Because it increases renal excretion of glucose, treatment with canagliflozin prevents renal reabsorption of 1,5-anhydroglucitol, leading to artifactual decreases in serum 1,5-anhydroglucitol. Therefore, canagliflozin can interfere with the use of serum 1,5-anhydroglucitol as a measure of postprandial glucose levels.
Dosing adjustment is also required for concomitant therapy with UDP-glucuronosyl transferase inducers such as rifampin, phenytoin, or phenobarbital, ritonavir.

Pharmacology

Mechanism of action

Canagliflozin is an inhibitor of subtype 2 sodium-glucose transport proteins, which is responsible for at least 90% of renal glucose reabsorption. Blocking this transporter causes up to 119 grams of blood glucose per day to be eliminated through the urine, corresponding to 476 kilocalories.
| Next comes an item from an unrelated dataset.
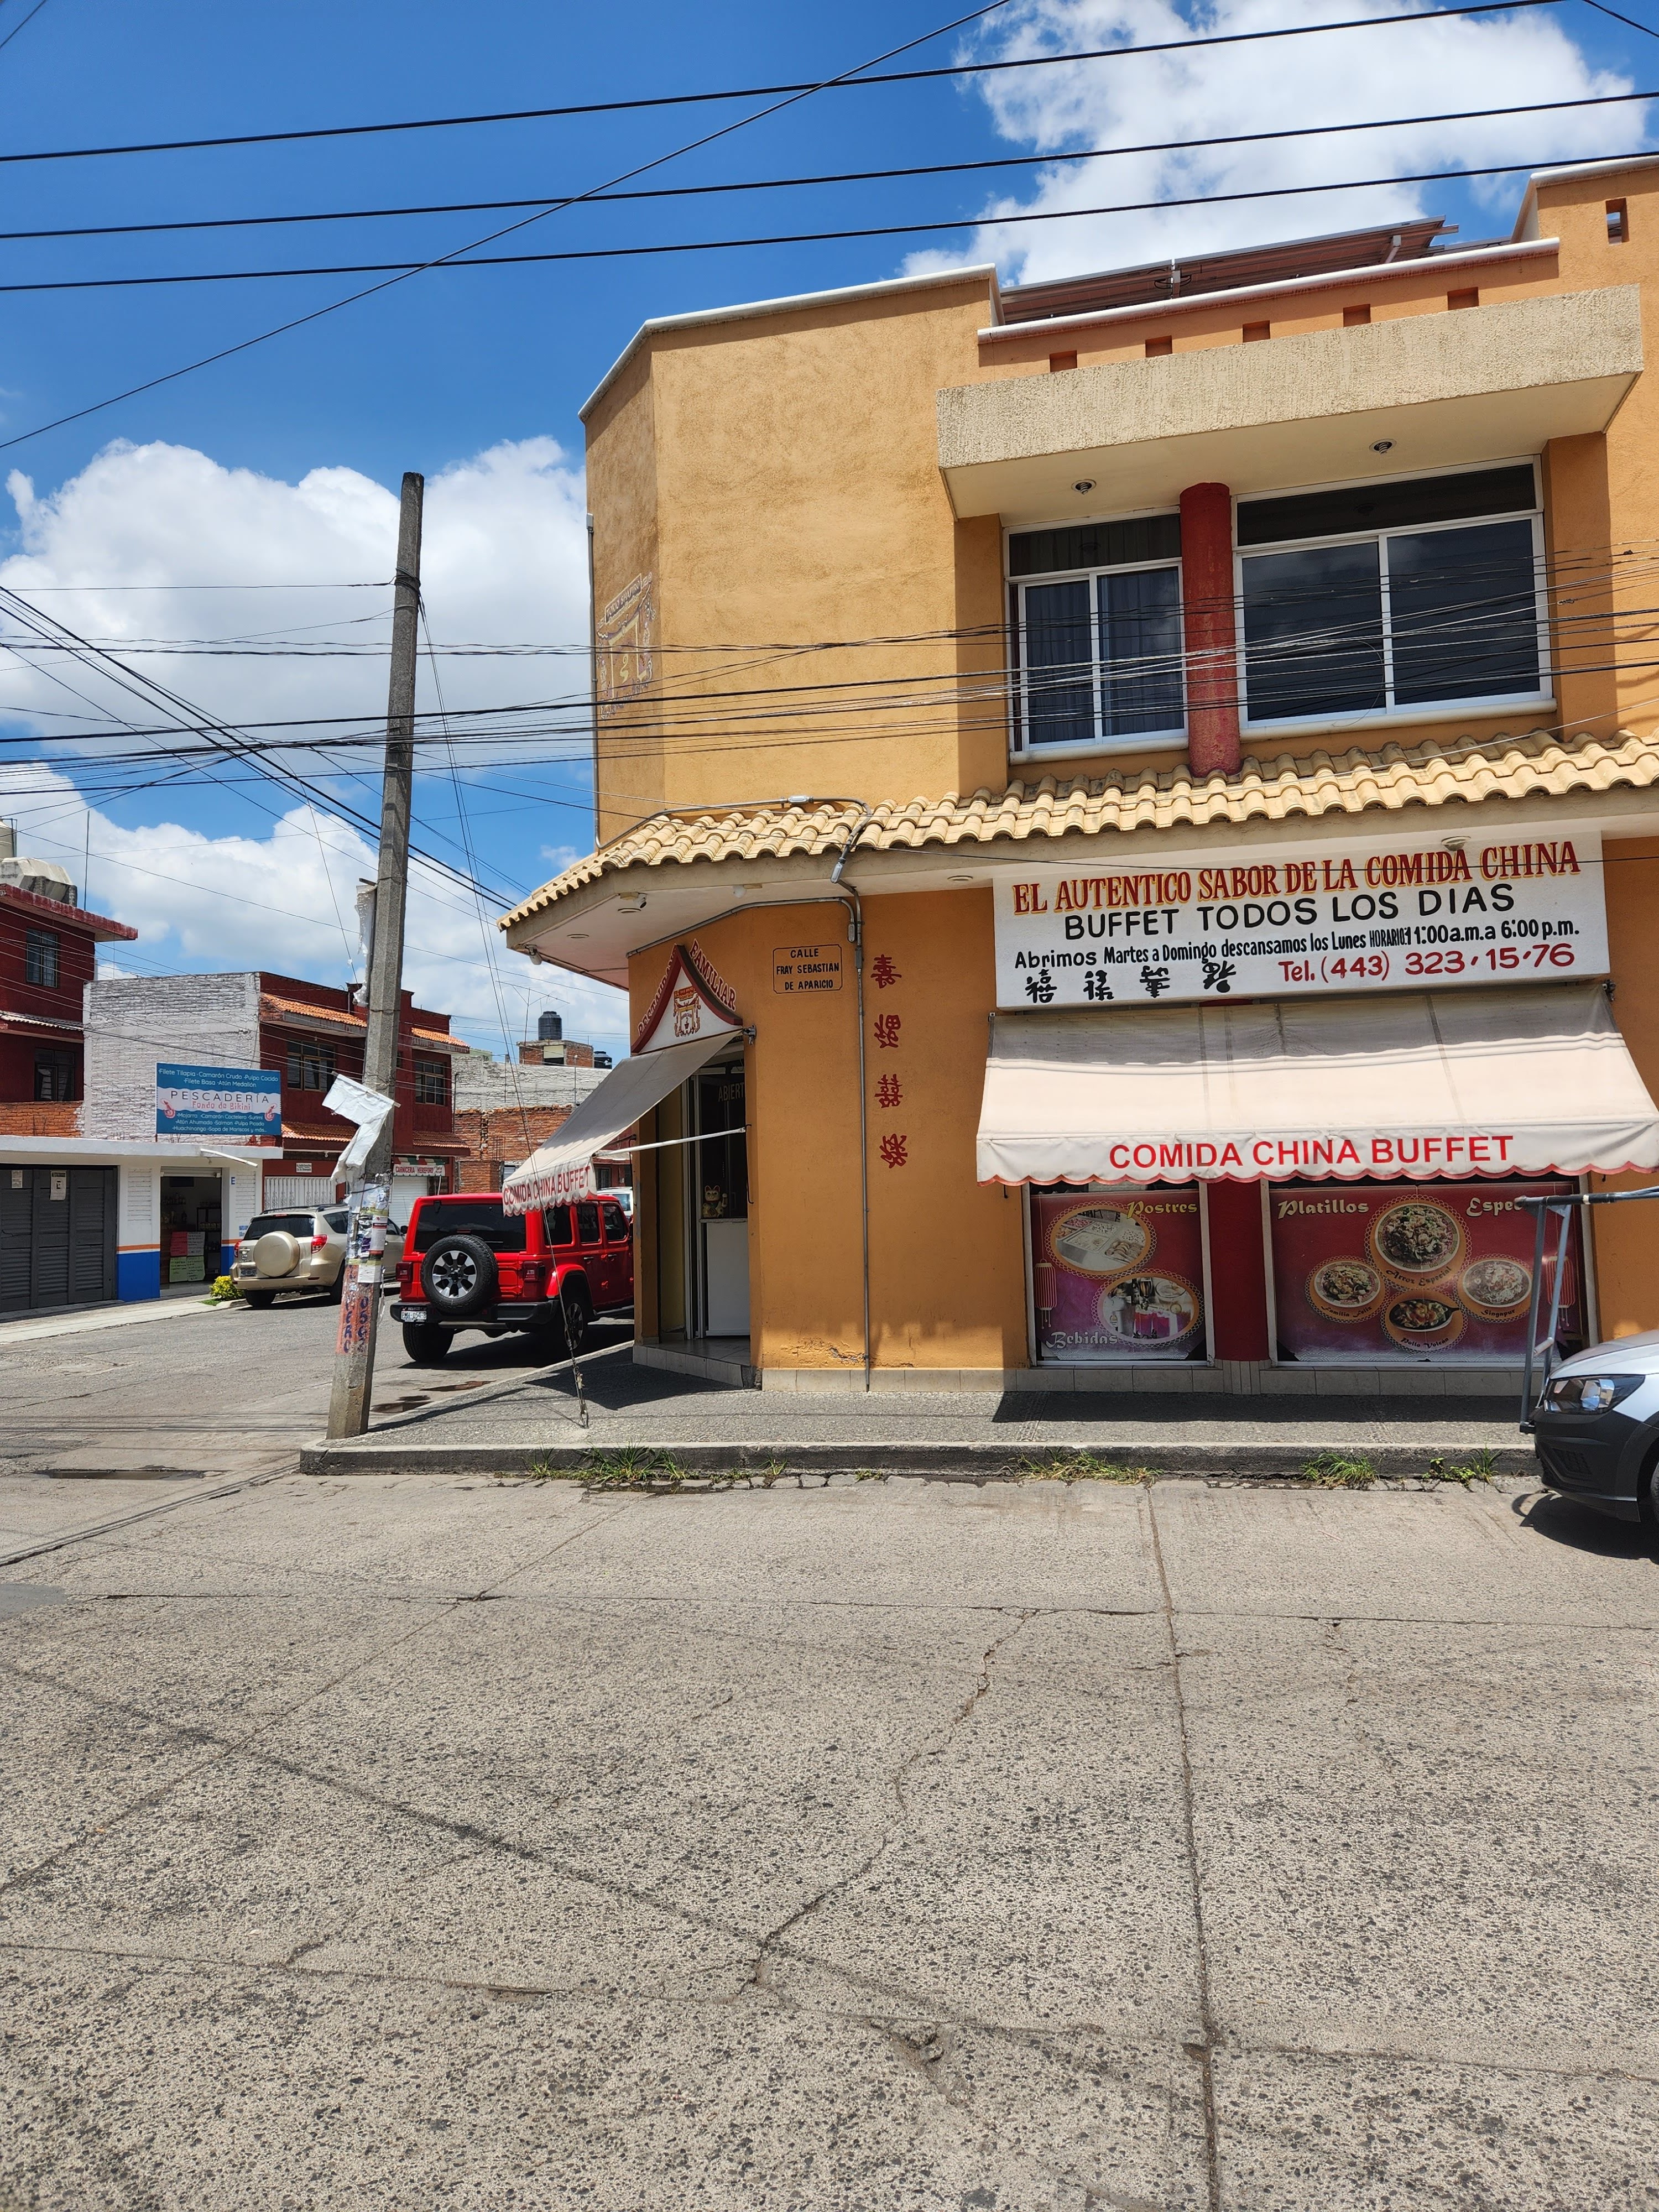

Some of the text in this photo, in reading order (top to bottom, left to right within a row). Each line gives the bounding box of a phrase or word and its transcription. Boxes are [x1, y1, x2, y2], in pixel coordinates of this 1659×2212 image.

Additional water is eliminated by osmotic diuresis, resulting in a lowering of blood pressure.
This mechanism is associated with a low risk of hypoglycaemia compared to other types of anti-diabetic drugs such as sulfonylurea derivatives and insulin.

Pharmacokinetics

When taken by mouth, canagliflozin reaches highest blood plasma concentrations after one to two hours and has an absolute bioavailability of 65%, independently of food intake. When in the bloodstream, 99% of the substance are bound to plasma proteins, mainly albumin. It is metabolized mainly by O-glucuronidation via the enzymes UGT1A9 and UGT2B4, and by hydroxylation to a lesser extent. The terminal half life is 10.6 hours for a 100 mg dose and 13.1 hours for a 300 mg dose, with 43% being excreted in the faeces and 33% in the urine.

History

It was developed by Mitsubishi Tanabe Pharma and is marketed under license by Janssen, a division of Johnson & Johnson.
On July 4, 2011, the European Medicines Agency approved a paediatric investigation plan and granted both a deferral and a waiver for canagliflozin in accordance with EC Regulation No.1901/2006 of the European Parliament and of the council.
Canagliflozin was approved by the FDA on March 29, 2013, and became the first SGLT2 inhibitor in the United States.